---------- AVAILABLE DATA ----------
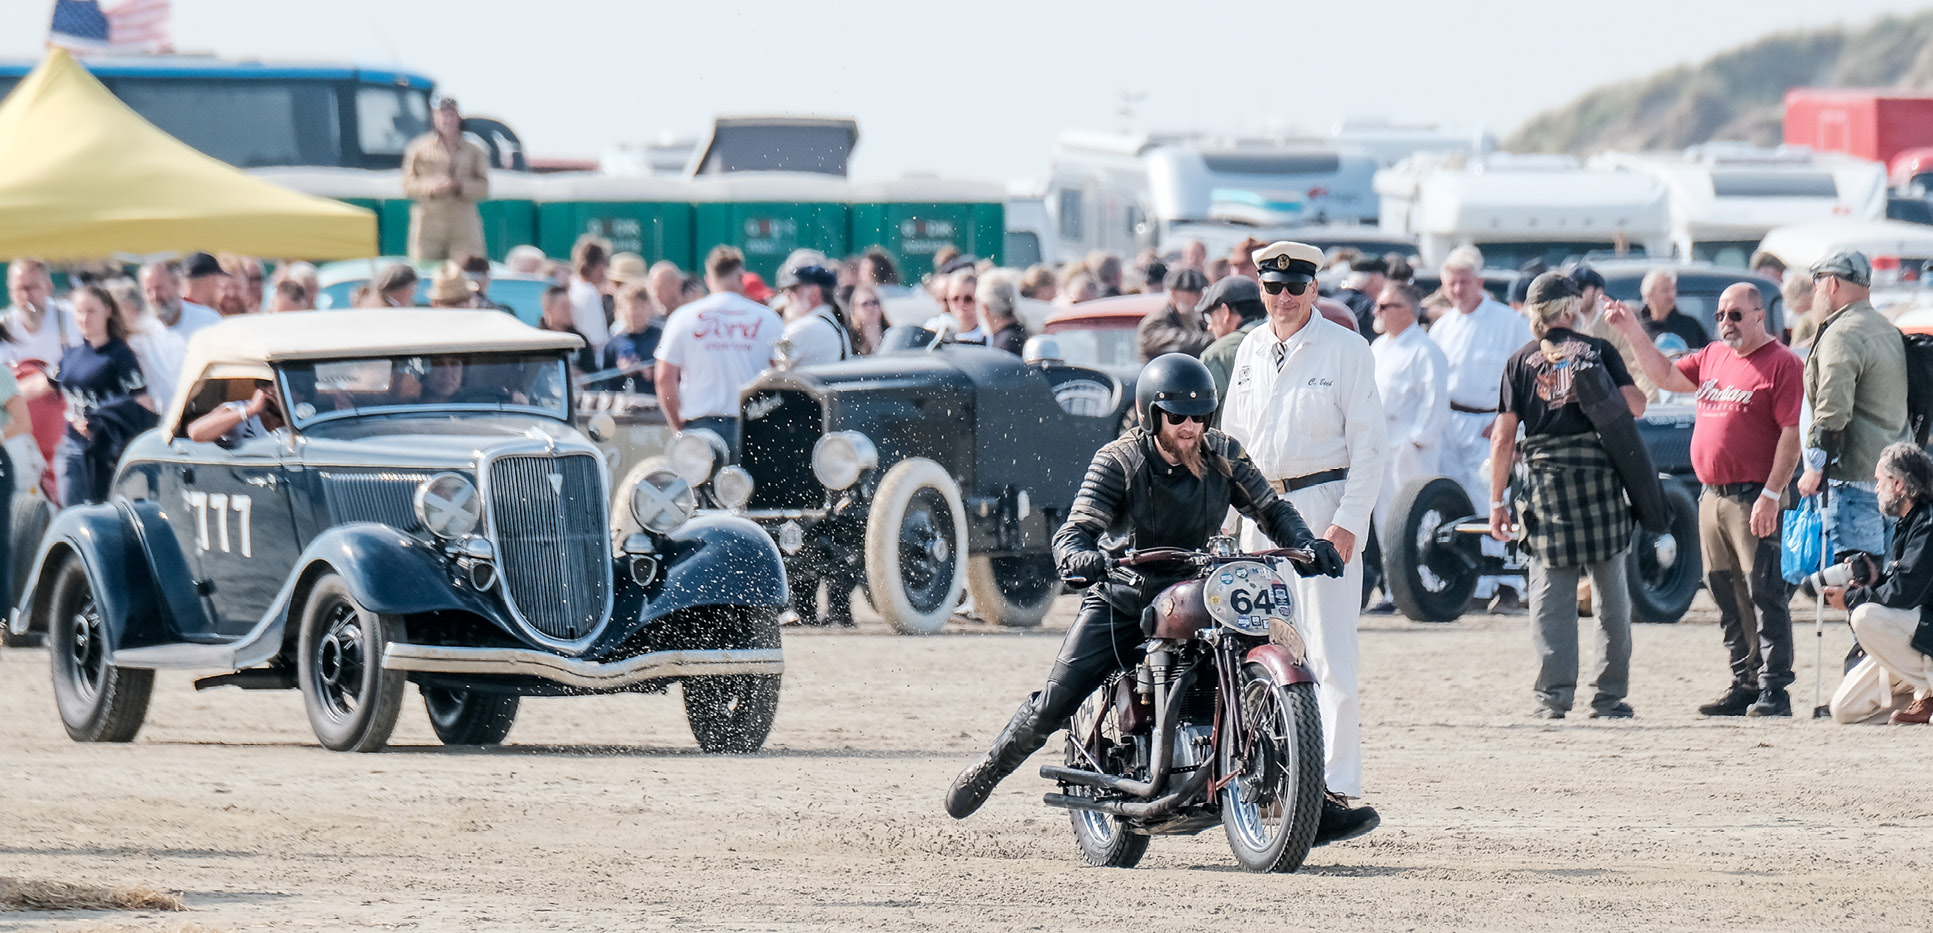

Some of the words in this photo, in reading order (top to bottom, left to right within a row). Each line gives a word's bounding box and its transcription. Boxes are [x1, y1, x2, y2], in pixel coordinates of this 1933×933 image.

[693, 309, 763, 339] Ford
[1696, 379, 1754, 405] Indian
[182, 488, 252, 558] 777
[1230, 588, 1276, 615] 64
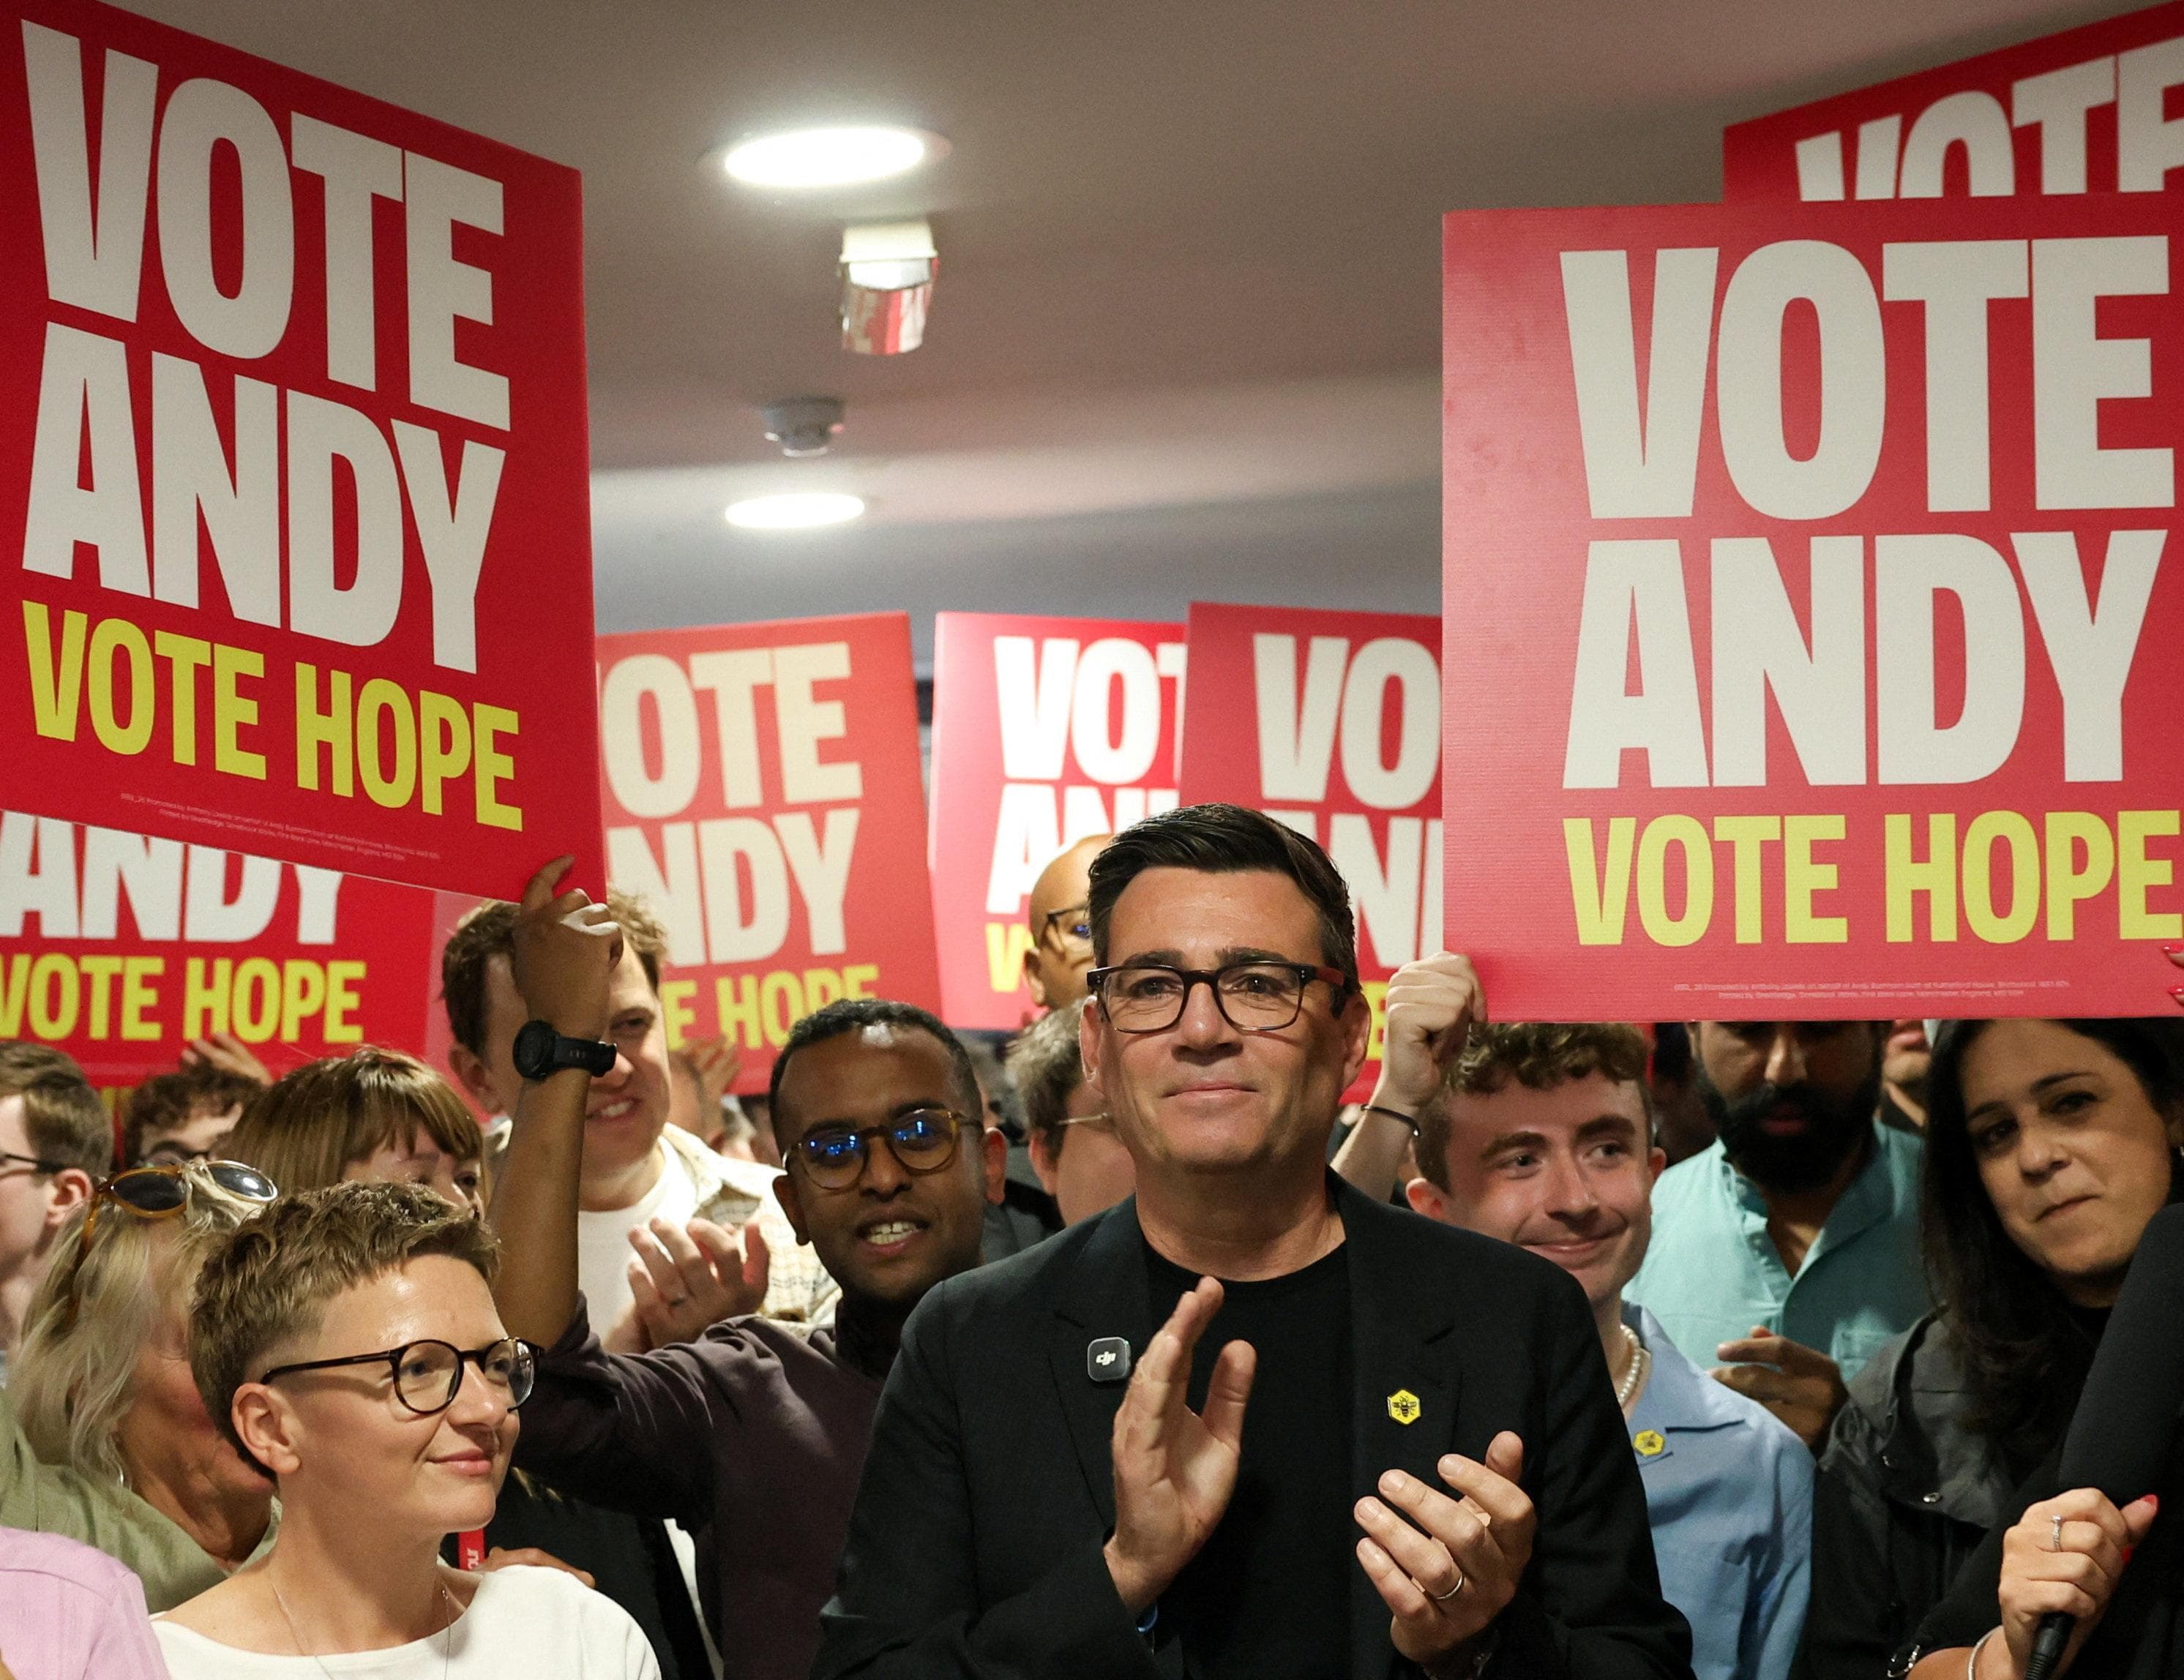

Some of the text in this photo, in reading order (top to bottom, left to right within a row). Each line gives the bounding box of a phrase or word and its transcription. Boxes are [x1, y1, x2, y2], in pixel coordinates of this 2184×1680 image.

[21, 19, 511, 432] VOTE
[1560, 235, 2175, 520] VOTE
[22, 320, 506, 674] ANDY
[22, 600, 523, 832] VOTE HOPE
[599, 642, 863, 818] OTE
[993, 636, 1188, 784] VO
[1254, 633, 1443, 809] VO
[1563, 529, 2168, 789] ANDY
[606, 808, 861, 967] NDY
[1563, 814, 1848, 946] VOTE
[1885, 809, 2183, 943] HOPE
[0, 953, 366, 1043] VOTE HOPE
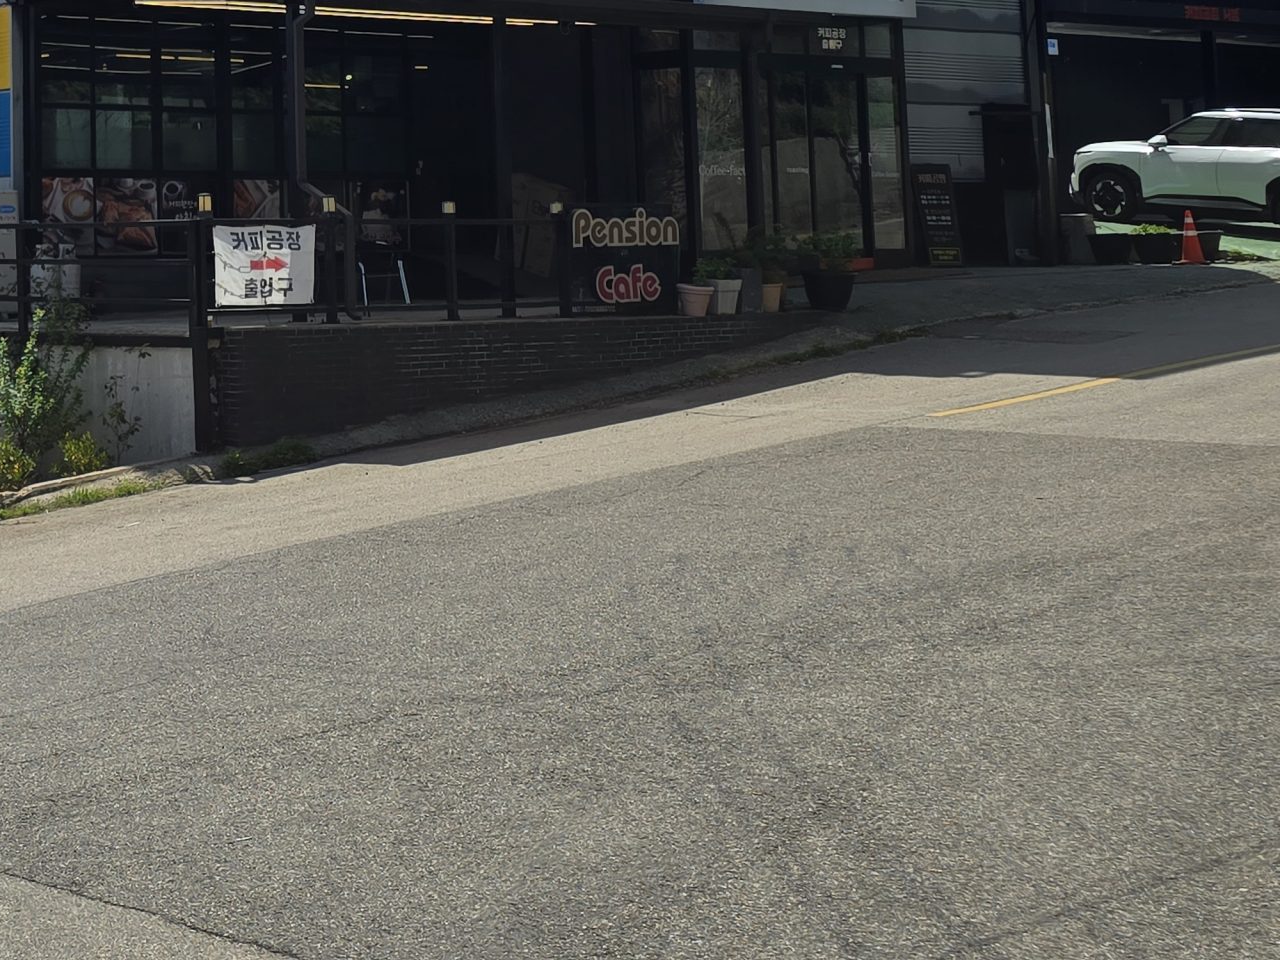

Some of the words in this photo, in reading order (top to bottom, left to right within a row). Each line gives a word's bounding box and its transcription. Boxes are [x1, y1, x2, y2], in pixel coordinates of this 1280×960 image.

[817, 27, 847, 39] 커피공장
[573, 207, 680, 248] Pension
[230, 230, 301, 251] 커피공장
[244, 277, 293, 299] 출입구
[596, 264, 662, 303] Cafe
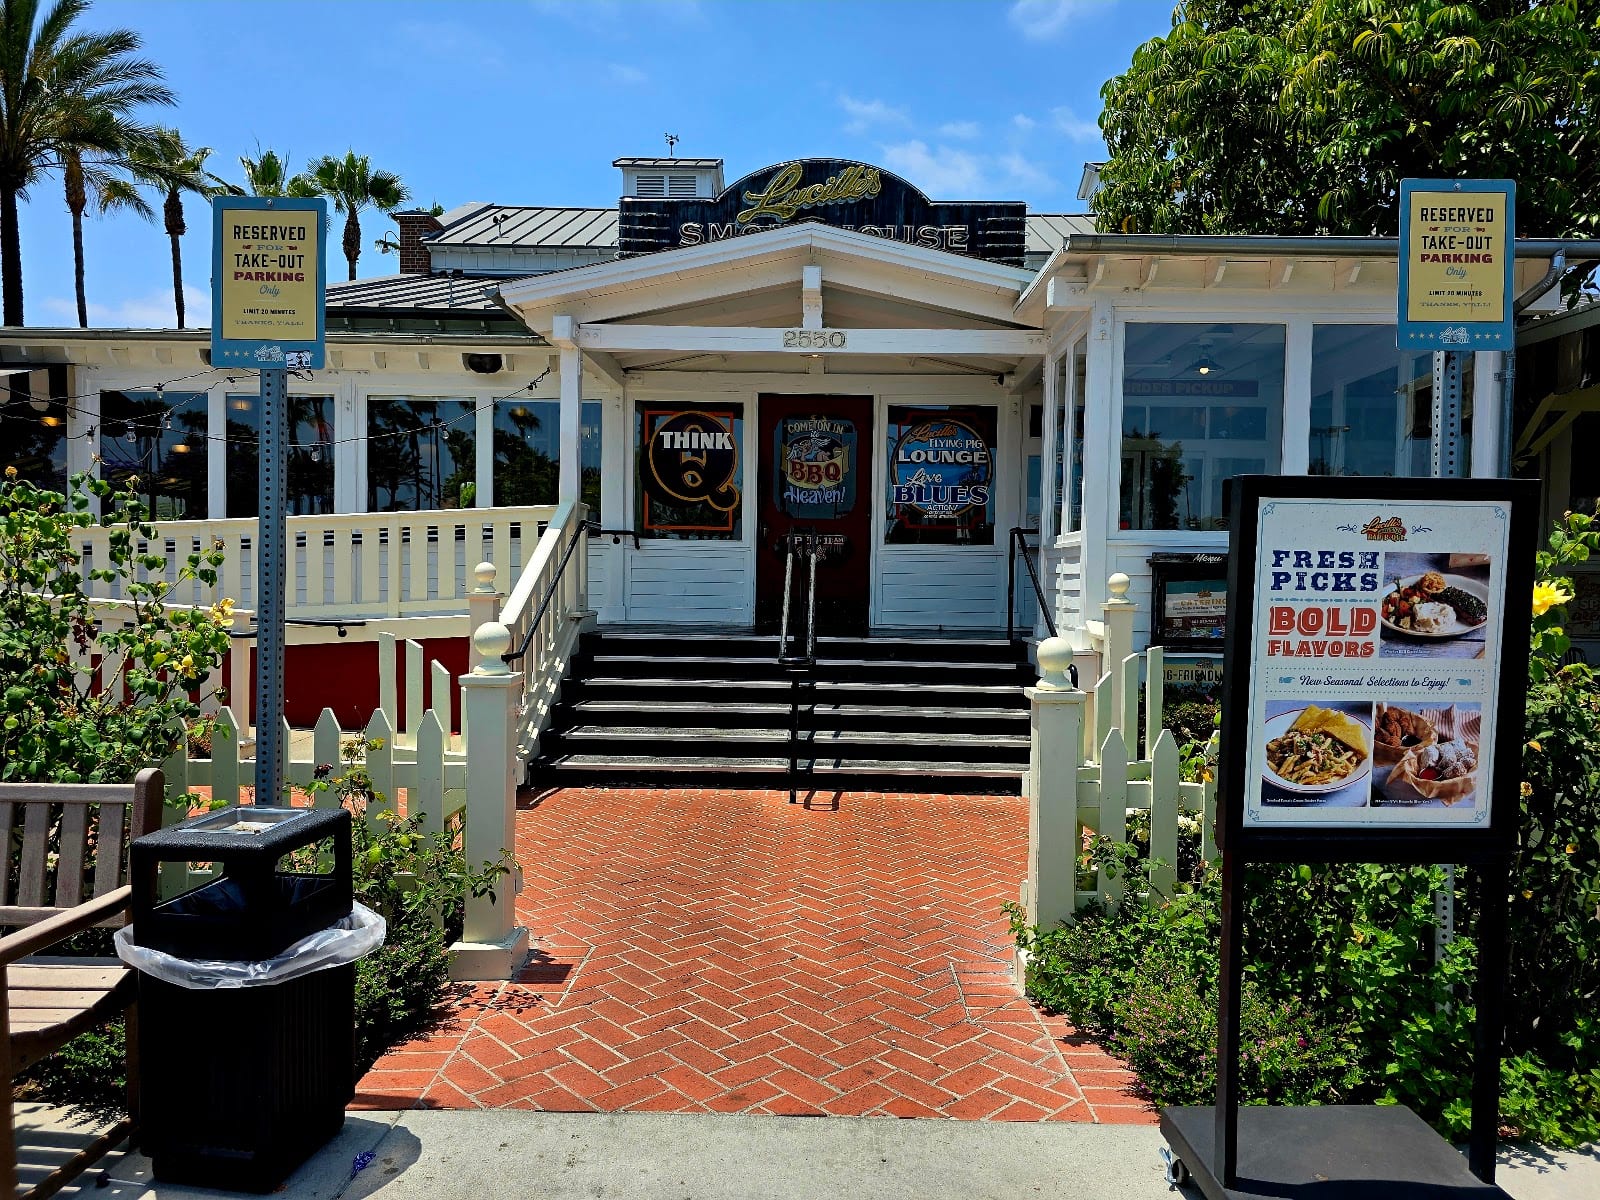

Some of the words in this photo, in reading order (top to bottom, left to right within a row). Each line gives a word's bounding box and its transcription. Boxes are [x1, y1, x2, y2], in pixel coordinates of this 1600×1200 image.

[736, 163, 881, 223] Lucille's
[1420, 207, 1494, 222] RESERVED
[233, 225, 306, 241] RESERVED
[1422, 235, 1493, 250] TAKE-OUT
[234, 253, 305, 268] TAKE-OUT
[1420, 253, 1493, 264] PARKING
[233, 271, 305, 282] PARKING
[1446, 266, 1468, 279] Only
[259, 284, 281, 297] Only
[784, 330, 846, 348] 2550
[1175, 382, 1234, 394] PICKUP
[659, 431, 734, 450] THINK
[907, 424, 958, 443] Lucille's
[929, 438, 963, 448] FLYING
[965, 439, 983, 449] PIG
[897, 449, 988, 463] LOUNGE
[904, 467, 943, 488] Live
[783, 484, 846, 504] Heaven!
[892, 484, 990, 506] BLUES
[1271, 550, 1380, 570] FRESH
[1270, 571, 1379, 592] PICKS
[1268, 606, 1377, 637] BOLD
[1267, 639, 1375, 658] FLAVORS
[1300, 675, 1323, 686] New
[1323, 675, 1364, 687] Seasonal
[1366, 676, 1409, 687] Selections
[1410, 677, 1420, 687] to
[1421, 676, 1451, 691] Enjoy!
----------
__YOUR ASSIGNMENT__: Leave the images out. Set down all of the material above exactly.

__SOLVED PROBLEM__:
Some of the words in this photo, in reading order (top to bottom, left to right within a row). Each line gives a word's bounding box and its transcription. Boxes are [x1, y1, x2, y2], in pixel coordinates of this 1933×933 image.

[693, 309, 763, 339] Ford
[1696, 379, 1754, 405] Indian
[182, 488, 252, 558] 777
[1230, 588, 1276, 615] 64

Some of the text in this photo, in reading order (top to bottom, left to right within a row). Each line gives the bounding box of a phrase or word and its transcription. Boxes are [x1, y1, x2, y2], in pixel coordinates of this 2184×1680 image.

[21, 19, 511, 432] VOTE
[1560, 235, 2175, 520] VOTE
[22, 320, 506, 674] ANDY
[22, 600, 523, 832] VOTE HOPE
[599, 642, 863, 818] OTE
[993, 636, 1188, 784] VO
[1254, 633, 1443, 809] VO
[1563, 529, 2168, 789] ANDY
[606, 808, 861, 967] NDY
[1563, 814, 1848, 946] VOTE
[1885, 809, 2183, 943] HOPE
[0, 953, 366, 1043] VOTE HOPE

Some of the words in this photo, in reading order (top to bottom, left to right within a row). Each line gives a word's bounding box and its transcription. Boxes are [x1, y1, x2, y2], in pixel coordinates of this 1280×960 image.

[817, 27, 847, 39] 커피공장
[573, 207, 680, 248] Pension
[230, 230, 301, 251] 커피공장
[244, 277, 293, 299] 출입구
[596, 264, 662, 303] Cafe

Some of the words in this photo, in reading order (top to bottom, left to right within a row). Each line gives a word's bounding box and its transcription. Boxes are [x1, y1, x2, y2], in pixel coordinates of this 1600×1200 image.

[736, 163, 881, 223] Lucille's
[1420, 207, 1494, 222] RESERVED
[233, 225, 306, 241] RESERVED
[1422, 235, 1493, 250] TAKE-OUT
[234, 253, 305, 268] TAKE-OUT
[1420, 253, 1493, 264] PARKING
[233, 271, 305, 282] PARKING
[1446, 266, 1468, 279] Only
[259, 284, 281, 297] Only
[784, 330, 846, 348] 2550
[1175, 382, 1234, 394] PICKUP
[659, 431, 734, 450] THINK
[907, 424, 958, 443] Lucille's
[929, 438, 963, 448] FLYING
[965, 439, 983, 449] PIG
[897, 449, 988, 463] LOUNGE
[904, 467, 943, 488] Live
[783, 484, 846, 504] Heaven!
[892, 484, 990, 506] BLUES
[1271, 550, 1380, 570] FRESH
[1270, 571, 1379, 592] PICKS
[1268, 606, 1377, 637] BOLD
[1267, 639, 1375, 658] FLAVORS
[1300, 675, 1323, 686] New
[1323, 675, 1364, 687] Seasonal
[1366, 676, 1409, 687] Selections
[1410, 677, 1420, 687] to
[1421, 676, 1451, 691] Enjoy!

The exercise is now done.